Facebook’s changes mean that publishers in Australia are restricted from sharing or posting any content on pages they have created on the platform.

Facebook users in Australia will not be able to view or share either Australian or international news content on the platform. They also can’t view or share posts made to these brands’ Facebook pages. Users outside of Australia will also be unable to view or share content from what the company has determined to be an Australian news source.

According to Facebook, news content generally represents 4pc of what users view on their feeds. However, the instant and angered response to the block indicates that restricting access to this content can still have a dramatic impact.

Facebook made this controversial call in response to the expected implementation of the Australian news media bargaining code.

This code hopes to address a perceived imbalance between new publishers and platforms such as Google and Facebook. While both sites serve as an essential conduit directing readers to news websites, the vast viewership both Facebook and Google command has attracted advertisers away from media outlets themselves. Together, they account for more than 80pc of Australian digital advertising revenue, according to the Australian Competition and Consumer Commission.

The proposed media bargaining code would force platforms such as Facebook and Google to pay Australian news businesses for content linked to, or featured, on their platforms.

Easton claimed the draft law “fundamentally misunderstands the relationship between our platform and publishers who use it to share news content”. He contended that it is the publishers that benefit most in their present relationship with Facebook. For Facebook, the business gain from news is minimal,” he added.

Easton argued that the code seeks to charge Facebook “for content it didn’t take or ask for”. This, he said, led Facebook to the decision to restrict its services across Australia “with a heavy heart”.

What Google did

Google, on the other hand, is taking steps towards compliance with the code. The search giant previously threatened to restrict its services in Australia in response to the bargaining code, though it appears to have softened its stance.

In recent weeks, the Alphabet-owned company has struck a number of deals with Australian publishers, the latest of which was announced yesterday with News Corp.

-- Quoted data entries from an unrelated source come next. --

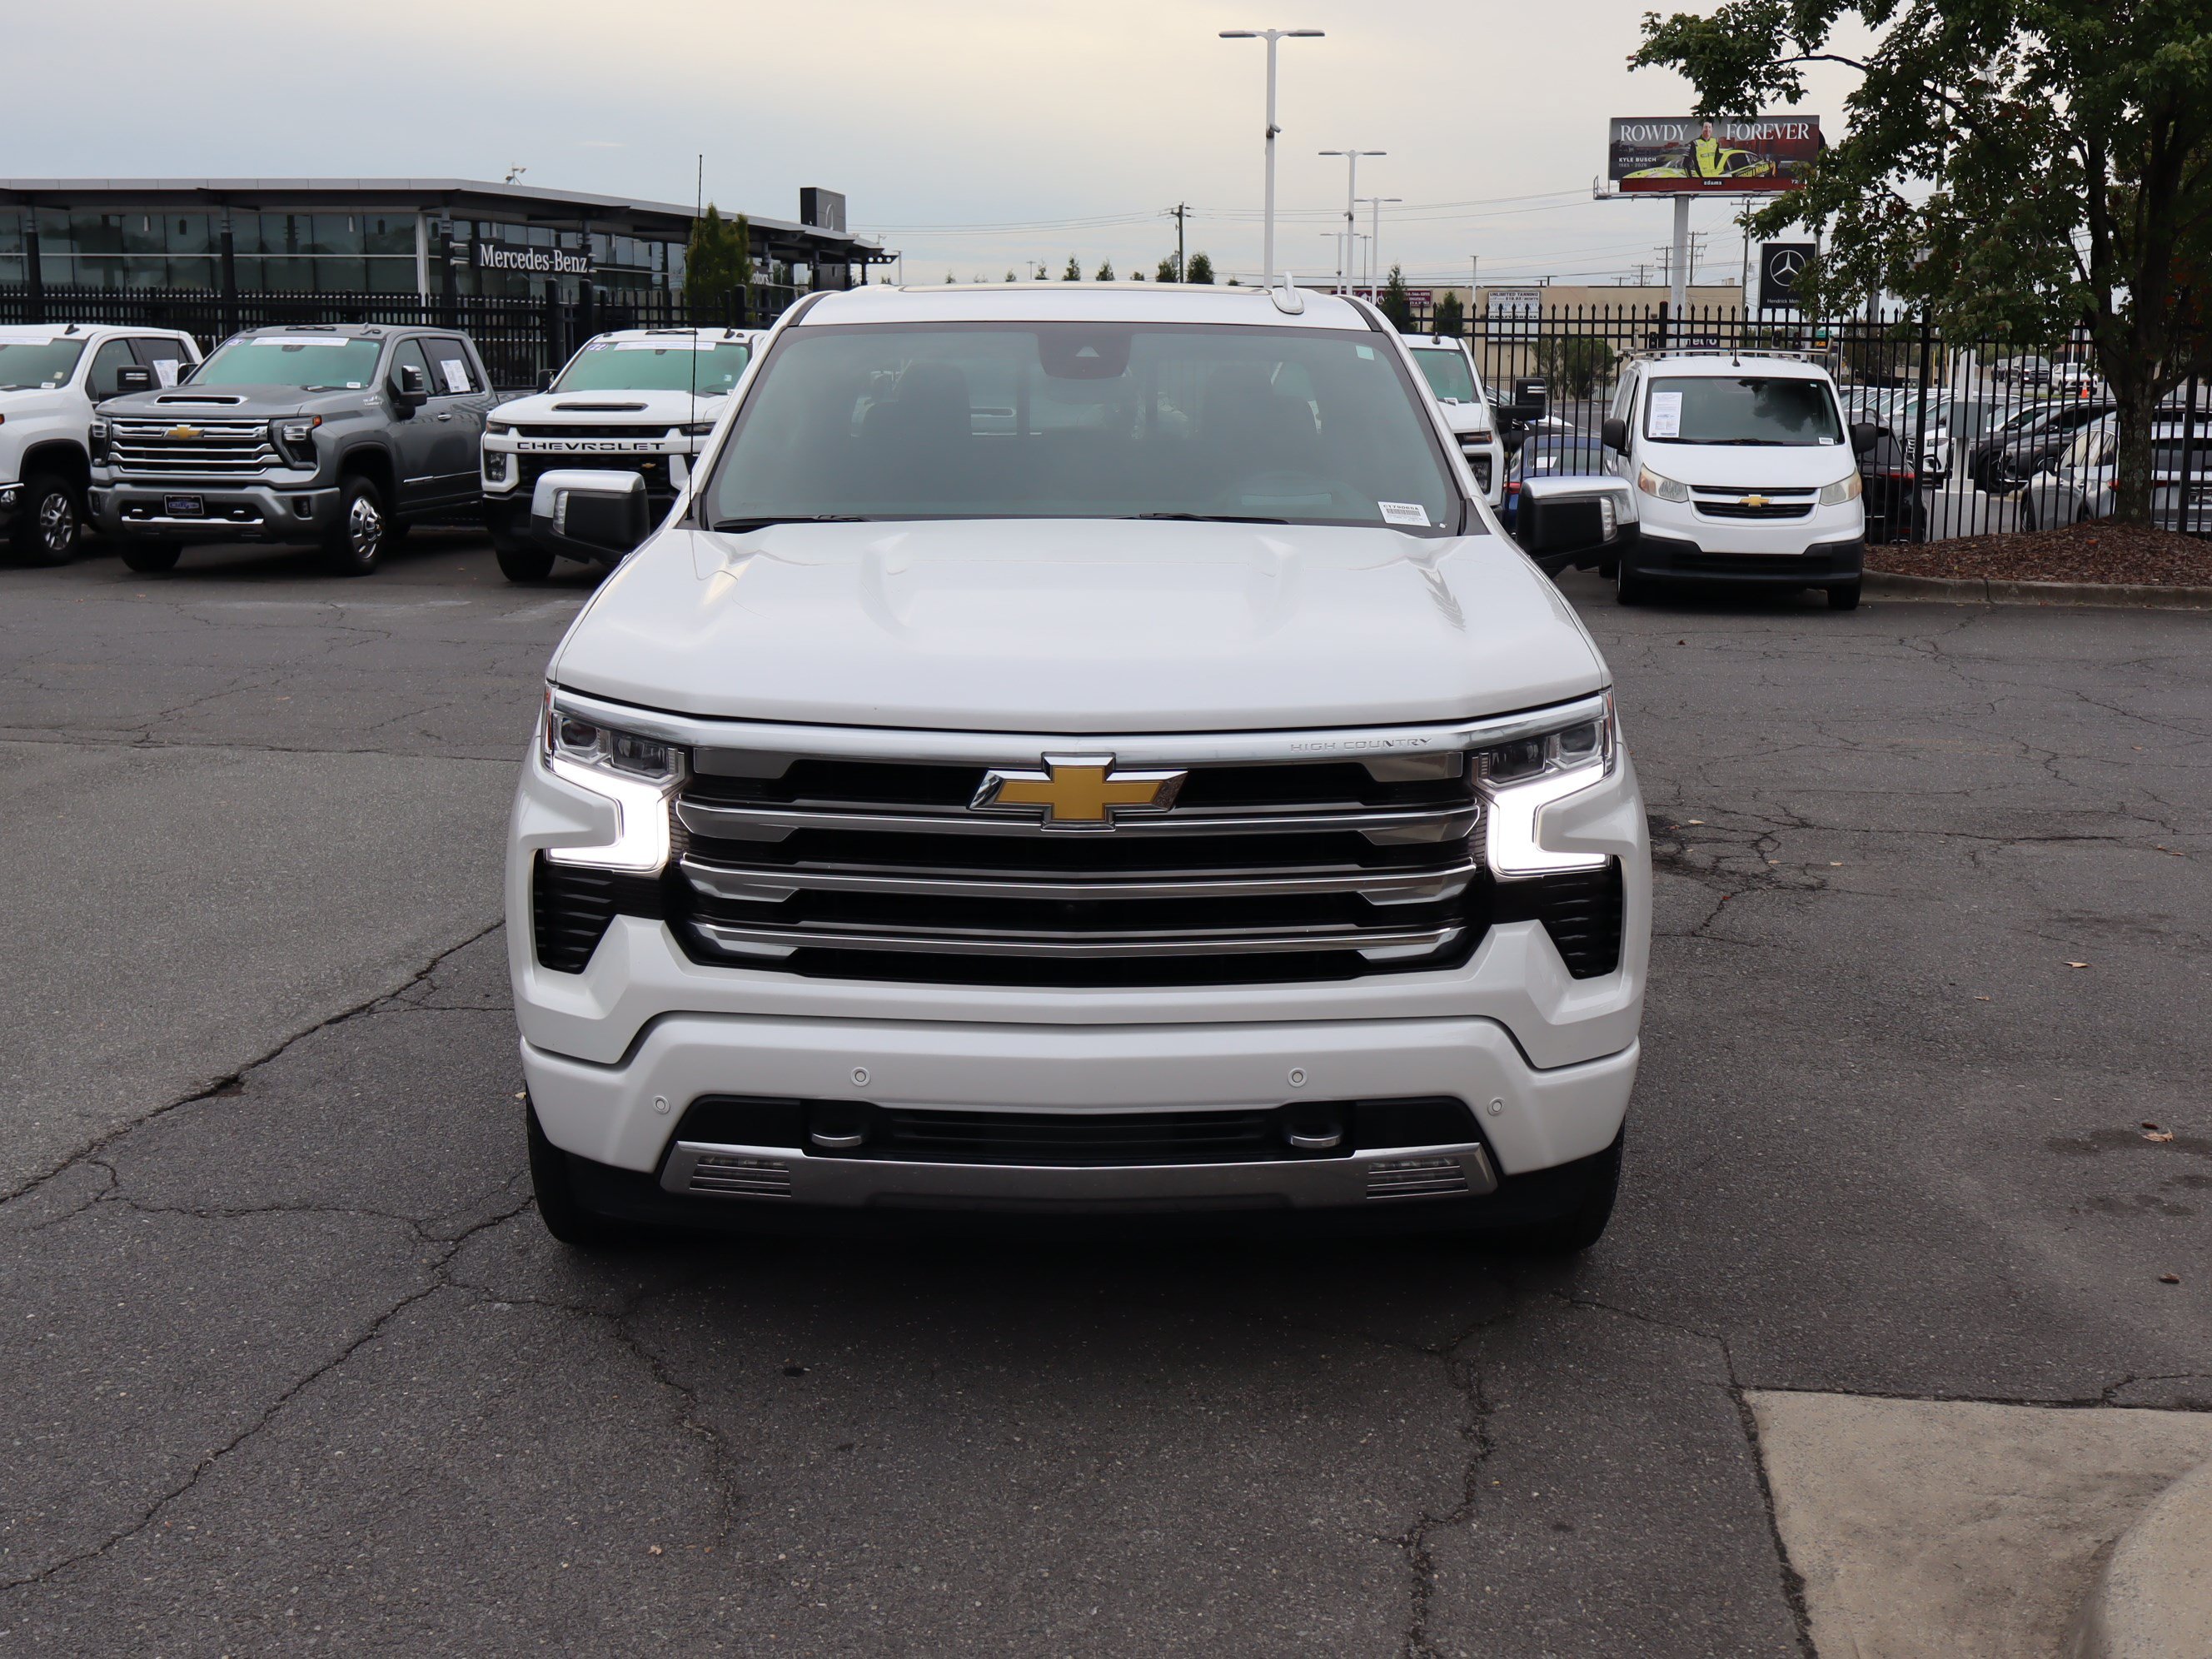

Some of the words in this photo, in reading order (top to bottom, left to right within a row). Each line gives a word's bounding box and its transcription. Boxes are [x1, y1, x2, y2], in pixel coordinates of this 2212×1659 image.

[1620, 124, 1688, 142] ROWDY
[1726, 122, 1810, 140] FOREVER
[480, 243, 588, 273] Mercedes-Benz
[516, 441, 665, 451] CHEVROLET
[1290, 742, 1336, 752] HIGH
[1343, 738, 1432, 750] COUNTRY

A three-year partnership between Google and News Corp will see its content made available through Google News Showcase, a new product Google has set out to build in partnership with publishers.

This deal will bring News Corp publications such as the Wall Street Journal, the New York Post, The Times and Sunday Times (UK), The Australian, Sky News and many local titles to Google News Showcase, which will present more than just search results and snippets to users. In return, Google has agreed to make “significant payments” to News Corp, according to the latter’s announcement.

The News Corp deal also includes the development of a subscription platform and the sharing of ad revenue, as well as support for the development of audio and video journalism.

Google has also signed a multimillion-dollar deal with Seven West Media, one of the biggest news publishers in Australia, while media company Nine Entertainment signed up for News Showcase for a reported $30m per year.

While these deals were not made under the auspices of the media bargaining code, it is expected that they will ensure no further need for arbitration between Google and these companies.